*EXERCISE DIRECTIONS:*
All of the data should be restated word for word, with the pictures omitted.

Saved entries
==*==
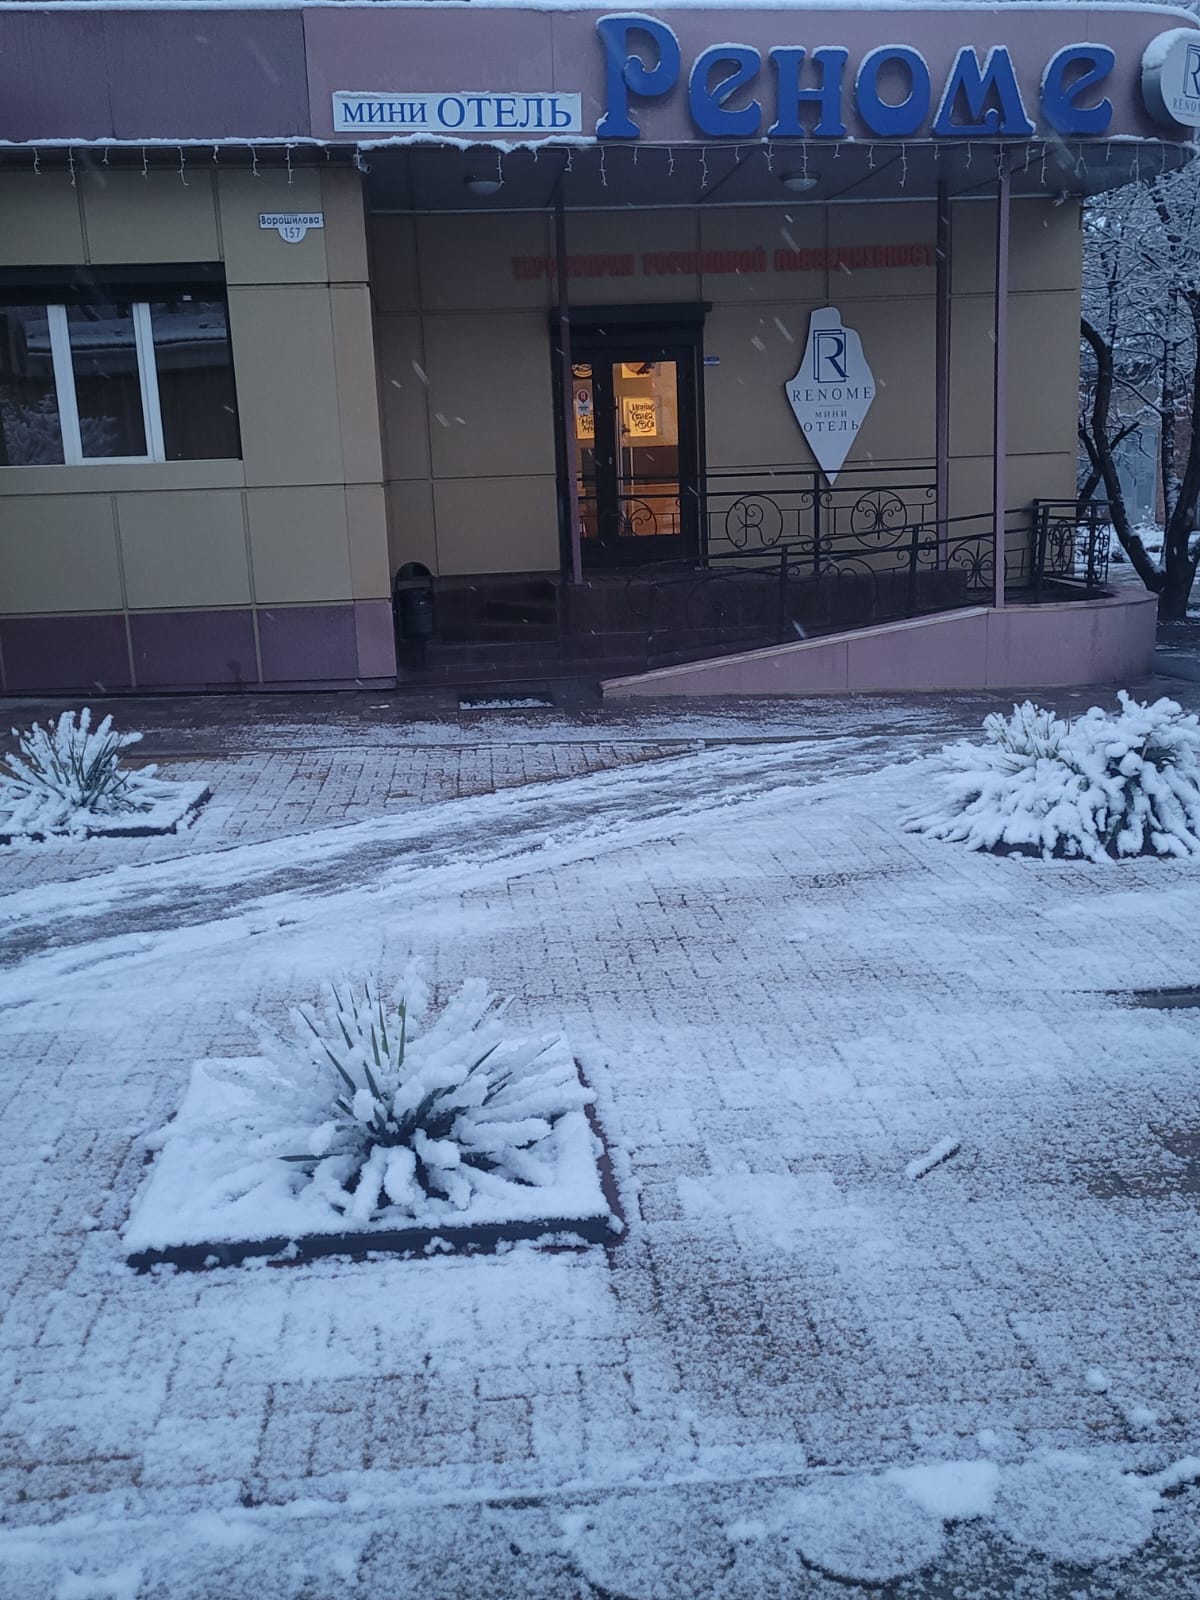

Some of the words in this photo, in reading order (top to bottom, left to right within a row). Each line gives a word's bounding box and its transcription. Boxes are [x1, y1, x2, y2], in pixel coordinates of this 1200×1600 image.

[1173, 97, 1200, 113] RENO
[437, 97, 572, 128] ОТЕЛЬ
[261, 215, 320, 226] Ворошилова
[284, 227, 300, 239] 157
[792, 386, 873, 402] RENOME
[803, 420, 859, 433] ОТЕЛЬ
==*==
*ANSWER TO THIS TASK:*
Some of the words in this photo, in reading order (top to bottom, left to right within a row). Each line gives a word's bounding box and its transcription. Boxes are [x1, y1, x2, y2], in pixel coordinates of this 1200×1600 image.

[1173, 97, 1200, 113] RENO
[437, 97, 572, 128] ОТЕЛЬ
[261, 215, 320, 226] Ворошилова
[284, 227, 300, 239] 157
[792, 386, 873, 402] RENOME
[803, 420, 859, 433] ОТЕЛЬ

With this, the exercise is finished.